На студентах же костюмная пара (о тройках речь не заходила) была редкостью. Недаром послевоенному английскому роману «Трое в серых костюмах» (1945, пер. 1946) был противопоставлен наш, советский, «Трое в серых шинелях» (1948). В шинелях и гимнастерках ходил уже мало кто, может один-два студента, поступившие по некой партийно-солдатской квоте (в частности, Яша П., герой моей давней виньетки «На словесном фронте»), остальные же драпировались кто во что горазд, в частности в разного рода спортивные и полуспортивные куртки, иной раз по-шоферски, а то и по-пилотски кожаные. Модными же были куртки с кокеткой, зигзагообразно облекавшей плечи материей другого цвета. У меня одно время была такая. Носились, разумеется, и пиджаки, но полный одноцветный комплект – это было что-то особенное. Я бы сказал, что костюм взрослил и даже заранее старил своего носителя. Иногда это делалось намеренно, иногда неосознанно, но эффект преждевременной солидности был налицо, как если бы человек уже с младых ногтей видел себя готовым функционером истеблишмента.
Вспоминаются трое таких костюмоносцев.
Вадим Р
У Вадима был черный костюм в пунктирную белую полоску, который очень ему шел. Желанная аристократичность такого одеяния зафиксирована в полублатных студенческих куплетах, которые я однажды уже приводил:
Я от МГУ, а ты от Чили,
Мы были на приеме у Черчилля.
У него бостон в полоску
И вообще он парень в доску, —
Где они такого зачепили?!
Не то чтобы на Вадиме костюм сидел ладно, как влитой, – нет. Вадим горбился, правое плечо было выше левого, он был высок, но узкогруд, держался угловато, накладные плечи неровно торчали, но весь этот ансамбль ощущался как правильный, узнаваемый, соответствующий некоему эталону. У Вадима были жгуче черные волосы, богемно свисавшие на лоб, желтоватая нездоровая кожа, нос крючком, на котором сидели сверкающие золотом очки. В целом возникал образ по-своему красивого еврейского интеллектуала-оратора времен гражданской войны, готового то ли быть казненным революционной толпой, то ли повести ее за собою. Ораторствовать же он любил – энергично жестикулируя и пересыпая речь особыми излюбленными словечками, из которых помню два: достойный и карамбулет.
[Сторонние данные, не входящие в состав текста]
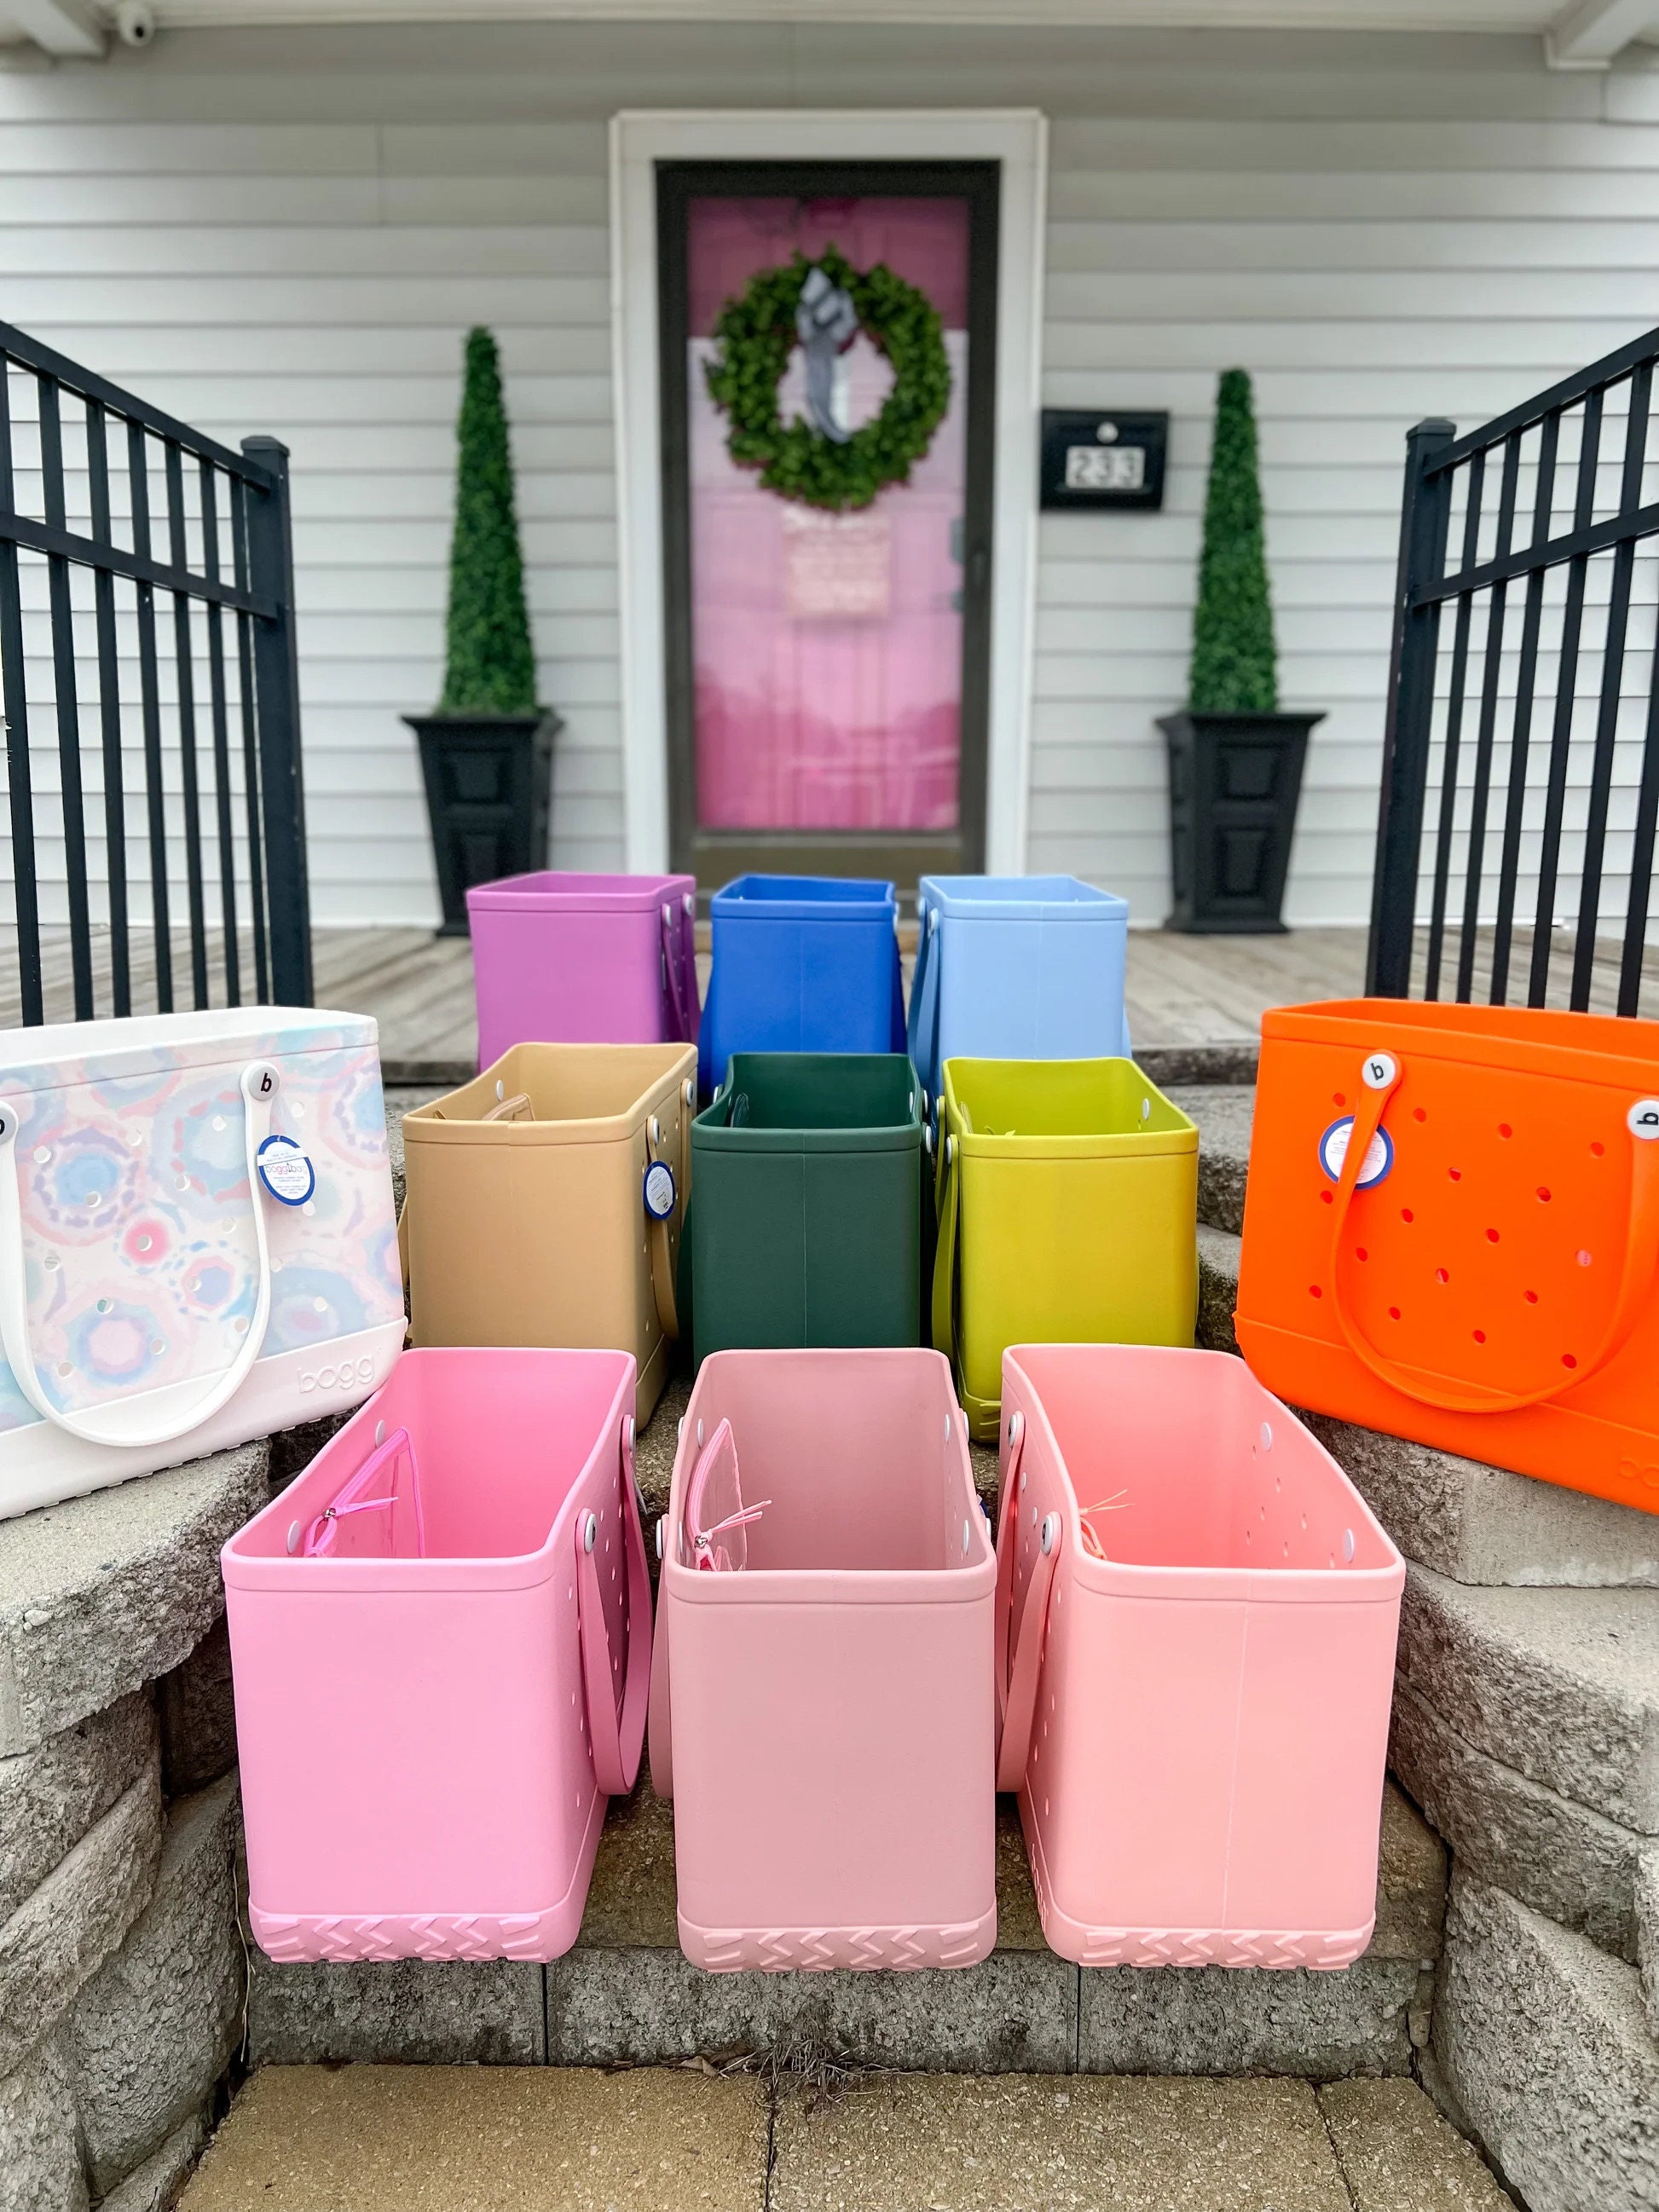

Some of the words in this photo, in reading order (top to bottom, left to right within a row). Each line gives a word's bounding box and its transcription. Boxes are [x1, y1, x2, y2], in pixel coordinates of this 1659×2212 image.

[1370, 1062, 1384, 1081] b
[260, 1072, 272, 1093] b
[297, 1354, 374, 1395] bogg
Эпитет достойный применялся ко всему, что заслуживало одобрения, будь то в литературной и политической истории или окружающей жизни, а речь Вадима систематически строилась именно на дебатировании pro et contra, раздаче плюсов и минусов, определении, кто достойный, а кто недостойный.
Карамбулет же был, по-видимому, неологизмом – плодом мутации в мужской род Карамболины-Карамболетты, героини арии из оперетты Кальмана «Фиалка Монмартра» (в которой блистала еще молодая Татьяна Шмыга). Карамбулетом назывался любой мужчина (друг моего детства Женька Зенкевич культивировал в таком обобщенном значении слово спортсмен), а далее, уже в порядке полета словотворческой фантазии, любой сексуальный, карьерный или иной успех.
Любимым оборотом речи у Вадима было, соответственно, словосочетание достойный карамбулет. Это звание могло присваиваться как свежеоткрытому им научному авторитету («А что, Владимир Пропп был достойный карамбулет?!»), так и, в качестве рекомендации, какому-нибудь новому кандидату в члены нашей филологической компании.
Старила ли Вадима черная пара? Думаю, да – несмотря на его бурную словесную энергию и замашки неутомимого спорщика. Он происходил из профессорской семьи, и это было видно, костюм он носил если не отцовский, то, скорее всего, в подражание отцу или кому-то из старших. Интеллектуальные же его интересы, при всей их внешней дискуссионности, несли неизбывный отпечаток прошлого – к моему удивлению, его, как и многих ему подобных, занимали тонкие извивы безнадежных идейных баталий двадцатых годов.
После окончания Университета, а тем более уехав в эмиграцию, я надолго потерял его из виду. Задним же числом оказалось, что он, конечно, стал доктором наук, но не филологических, а философских, профессором, автором сотен работ по социологии, с вольнолюбивым по тогдашним временам троцкистским уклоном. В этих тщательно эксгумированных и реанимированных спорах опять побеждали то Троцкий, то Бухарин (а теперь – surprise! surprise! – верх опять постепенно берет Сталин), но трупного запаха это не перебивало.
Вадим умер в пятьдесят с небольшим. Дуплет в угол, желтого в середину…
Игорь Ч
Кроме самого костюма, никакого компромата у меня на него, собственно, нет. Игорь, тоже мой однокурсник, учился на славянском отделении и смотрелся очень положительно. Он был среднего роста, полноват, с головой, откинутой назад, высоким лбом и вообще открытым, располагавшим к доверию лицом, с его красноватой, как бы обветренной кожей.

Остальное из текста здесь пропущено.